### [Your objective]
Everything from the line with "Some of the words" to the end of the material is to be retyped exactly, both ends included, and nothing else.
○ ○ ○ ○
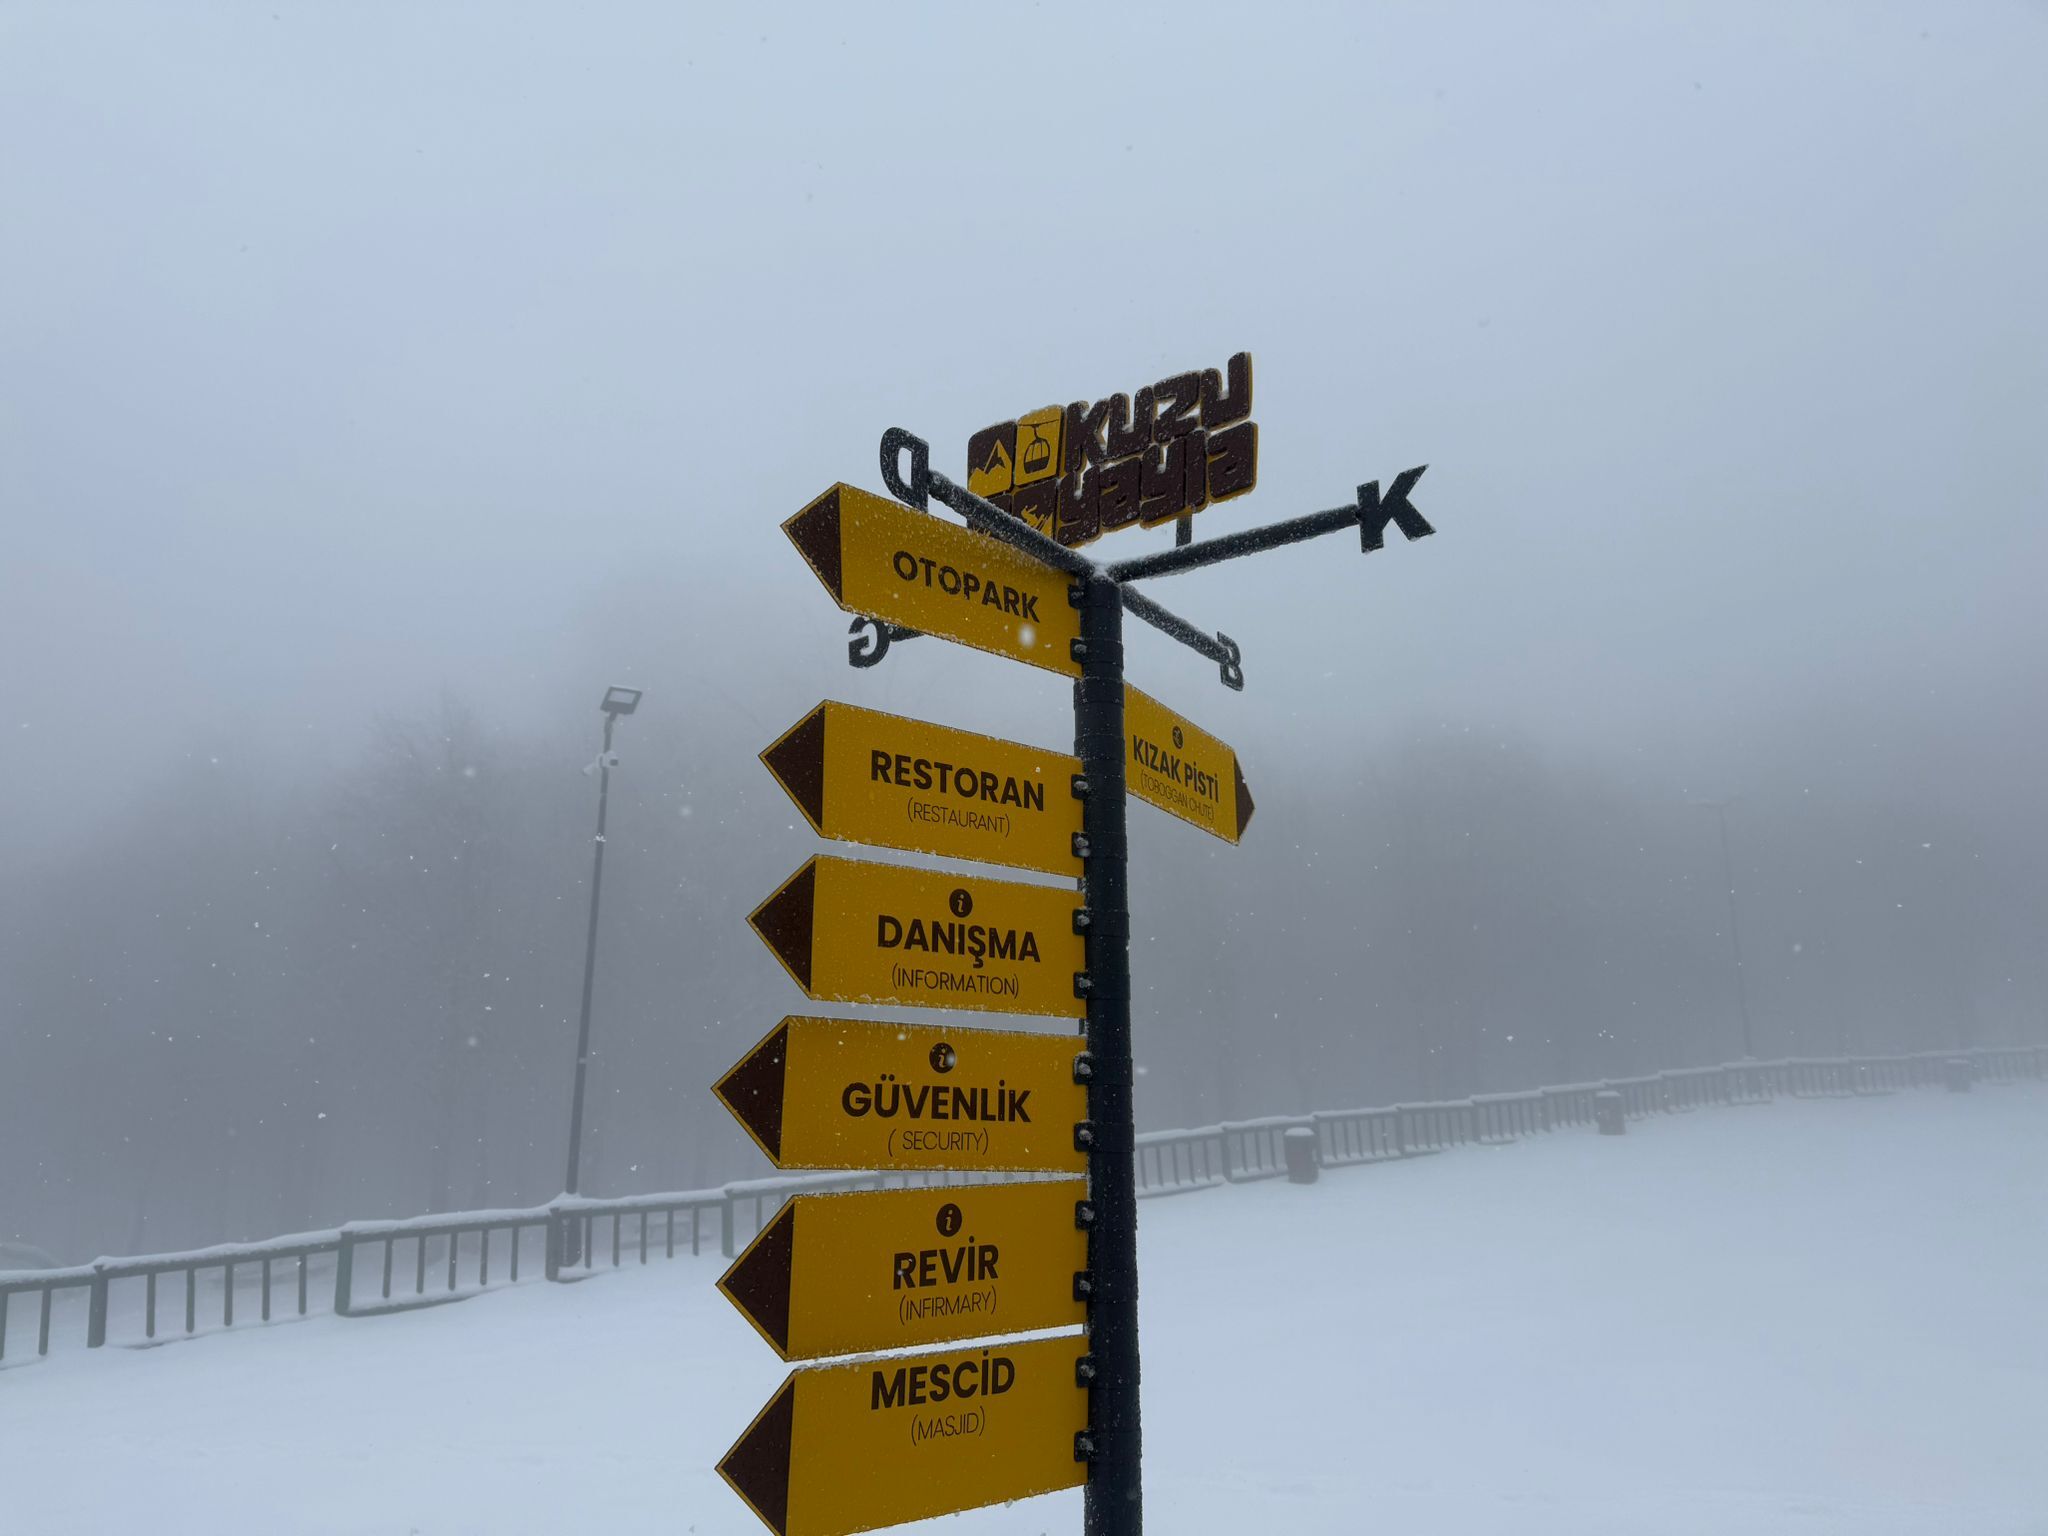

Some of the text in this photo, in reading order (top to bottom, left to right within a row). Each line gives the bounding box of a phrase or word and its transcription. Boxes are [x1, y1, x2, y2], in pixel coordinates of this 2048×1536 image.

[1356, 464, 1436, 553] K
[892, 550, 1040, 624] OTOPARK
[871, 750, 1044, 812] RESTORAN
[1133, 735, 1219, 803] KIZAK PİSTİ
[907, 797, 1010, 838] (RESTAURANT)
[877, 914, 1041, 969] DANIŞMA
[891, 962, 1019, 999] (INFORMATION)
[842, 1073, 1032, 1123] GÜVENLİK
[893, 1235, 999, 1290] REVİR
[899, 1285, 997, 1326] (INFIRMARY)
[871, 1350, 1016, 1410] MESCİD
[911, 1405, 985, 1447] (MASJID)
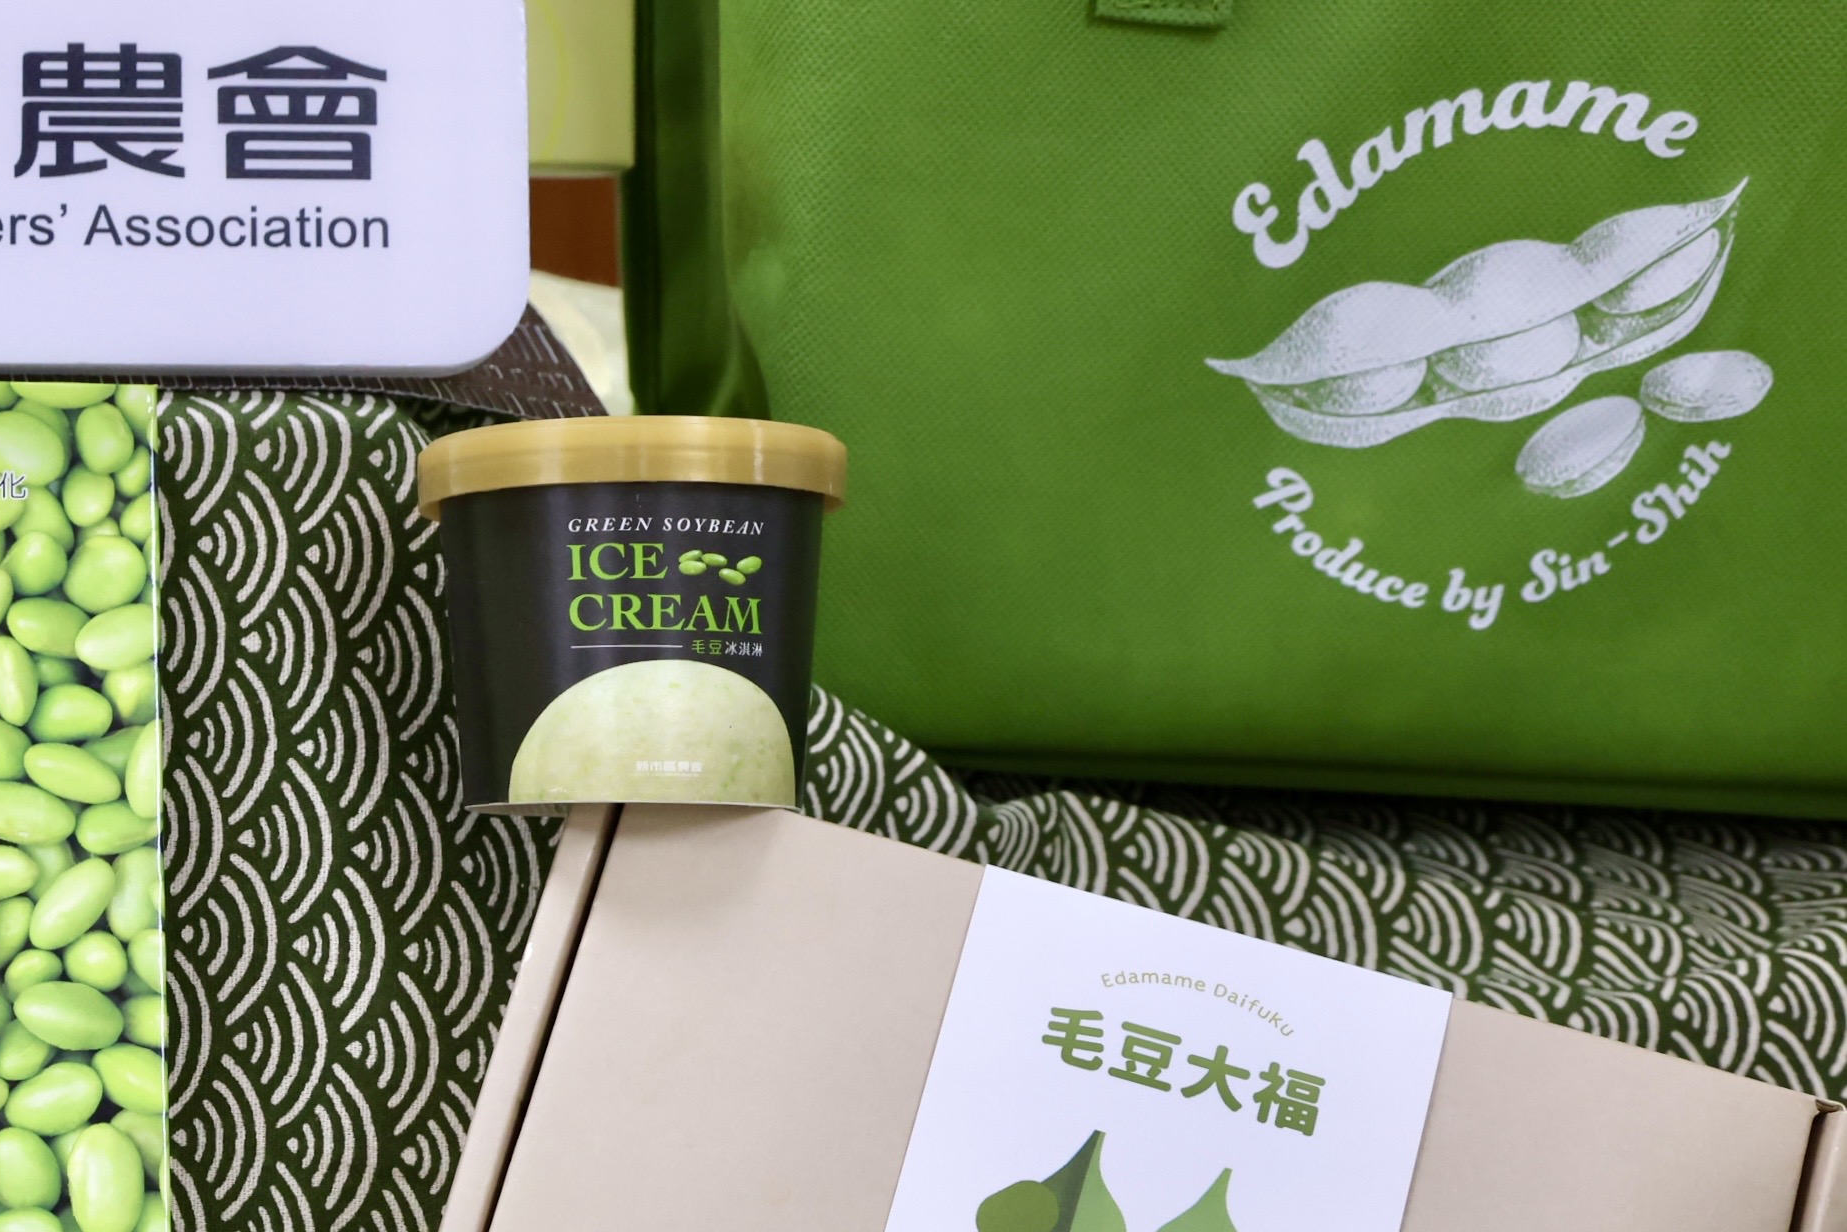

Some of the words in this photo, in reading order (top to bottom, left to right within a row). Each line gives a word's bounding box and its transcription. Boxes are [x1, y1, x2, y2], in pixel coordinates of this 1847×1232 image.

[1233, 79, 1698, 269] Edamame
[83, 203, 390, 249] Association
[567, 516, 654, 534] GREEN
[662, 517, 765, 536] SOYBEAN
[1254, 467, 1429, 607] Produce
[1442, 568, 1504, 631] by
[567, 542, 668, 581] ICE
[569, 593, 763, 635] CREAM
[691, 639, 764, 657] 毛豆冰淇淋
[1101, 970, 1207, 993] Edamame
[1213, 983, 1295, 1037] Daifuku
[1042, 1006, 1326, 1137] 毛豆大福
○ ○ ○ ○
### [Worked solution]
Some of the words in this photo, in reading order (top to bottom, left to right within a row). Each line gives a word's bounding box and its transcription. Boxes are [x1, y1, x2, y2], in pixel coordinates of this 1847×1232 image.

[1233, 79, 1698, 269] Edamame
[83, 203, 390, 249] Association
[567, 516, 654, 534] GREEN
[662, 517, 765, 536] SOYBEAN
[1254, 467, 1429, 607] Produce
[1442, 568, 1504, 631] by
[567, 542, 668, 581] ICE
[569, 593, 763, 635] CREAM
[691, 639, 764, 657] 毛豆冰淇淋
[1101, 970, 1207, 993] Edamame
[1213, 983, 1295, 1037] Daifuku
[1042, 1006, 1326, 1137] 毛豆大福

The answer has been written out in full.